##### PROVIDED DATA #####
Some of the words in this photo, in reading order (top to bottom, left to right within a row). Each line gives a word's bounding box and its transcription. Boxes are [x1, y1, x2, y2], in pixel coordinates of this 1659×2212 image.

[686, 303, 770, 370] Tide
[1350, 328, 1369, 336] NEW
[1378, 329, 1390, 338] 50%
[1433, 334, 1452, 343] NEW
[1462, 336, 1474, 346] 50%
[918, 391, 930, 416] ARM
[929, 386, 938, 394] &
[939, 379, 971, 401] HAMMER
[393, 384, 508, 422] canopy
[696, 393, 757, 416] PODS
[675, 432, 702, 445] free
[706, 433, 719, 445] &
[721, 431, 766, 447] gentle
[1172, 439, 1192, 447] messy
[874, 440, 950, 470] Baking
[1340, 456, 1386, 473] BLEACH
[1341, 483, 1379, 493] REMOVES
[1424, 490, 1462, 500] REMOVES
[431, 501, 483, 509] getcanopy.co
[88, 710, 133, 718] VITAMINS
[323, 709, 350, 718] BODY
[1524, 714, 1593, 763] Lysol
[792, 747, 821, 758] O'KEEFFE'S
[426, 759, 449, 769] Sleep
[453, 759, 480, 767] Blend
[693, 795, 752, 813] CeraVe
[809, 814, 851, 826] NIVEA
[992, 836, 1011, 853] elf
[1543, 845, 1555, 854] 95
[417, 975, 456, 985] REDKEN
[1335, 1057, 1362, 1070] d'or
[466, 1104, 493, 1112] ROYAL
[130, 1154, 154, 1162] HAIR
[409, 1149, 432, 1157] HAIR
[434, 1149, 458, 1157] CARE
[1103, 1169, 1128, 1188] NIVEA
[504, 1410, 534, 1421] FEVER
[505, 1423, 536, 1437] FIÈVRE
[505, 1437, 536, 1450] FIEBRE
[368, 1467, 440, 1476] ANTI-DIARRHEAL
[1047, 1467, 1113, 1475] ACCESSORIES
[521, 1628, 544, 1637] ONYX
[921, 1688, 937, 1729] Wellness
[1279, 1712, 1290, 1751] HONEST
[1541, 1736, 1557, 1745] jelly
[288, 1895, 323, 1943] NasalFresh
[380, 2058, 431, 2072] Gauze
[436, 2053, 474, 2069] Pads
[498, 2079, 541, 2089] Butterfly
#####
_EXERCISE OBJECTIVE:_
Transcribe the material above. Change nothing in it.

_OUTPUT FOR THIS EXERCISE:_
Some of the words in this photo, in reading order (top to bottom, left to right within a row). Each line gives a word's bounding box and its transcription. Boxes are [x1, y1, x2, y2], in pixel coordinates of this 1659×2212 image.

[686, 303, 770, 370] Tide
[1350, 328, 1369, 336] NEW
[1378, 329, 1390, 338] 50%
[1433, 334, 1452, 343] NEW
[1462, 336, 1474, 346] 50%
[918, 391, 930, 416] ARM
[929, 386, 938, 394] &
[939, 379, 971, 401] HAMMER
[393, 384, 508, 422] canopy
[696, 393, 757, 416] PODS
[675, 432, 702, 445] free
[706, 433, 719, 445] &
[721, 431, 766, 447] gentle
[1172, 439, 1192, 447] messy
[874, 440, 950, 470] Baking
[1340, 456, 1386, 473] BLEACH
[1341, 483, 1379, 493] REMOVES
[1424, 490, 1462, 500] REMOVES
[431, 501, 483, 509] getcanopy.co
[88, 710, 133, 718] VITAMINS
[323, 709, 350, 718] BODY
[1524, 714, 1593, 763] Lysol
[792, 747, 821, 758] O'KEEFFE'S
[426, 759, 449, 769] Sleep
[453, 759, 480, 767] Blend
[693, 795, 752, 813] CeraVe
[809, 814, 851, 826] NIVEA
[992, 836, 1011, 853] elf
[1543, 845, 1555, 854] 95
[417, 975, 456, 985] REDKEN
[1335, 1057, 1362, 1070] d'or
[466, 1104, 493, 1112] ROYAL
[130, 1154, 154, 1162] HAIR
[409, 1149, 432, 1157] HAIR
[434, 1149, 458, 1157] CARE
[1103, 1169, 1128, 1188] NIVEA
[504, 1410, 534, 1421] FEVER
[505, 1423, 536, 1437] FIÈVRE
[505, 1437, 536, 1450] FIEBRE
[368, 1467, 440, 1476] ANTI-DIARRHEAL
[1047, 1467, 1113, 1475] ACCESSORIES
[521, 1628, 544, 1637] ONYX
[921, 1688, 937, 1729] Wellness
[1279, 1712, 1290, 1751] HONEST
[1541, 1736, 1557, 1745] jelly
[288, 1895, 323, 1943] NasalFresh
[380, 2058, 431, 2072] Gauze
[436, 2053, 474, 2069] Pads
[498, 2079, 541, 2089] Butterfly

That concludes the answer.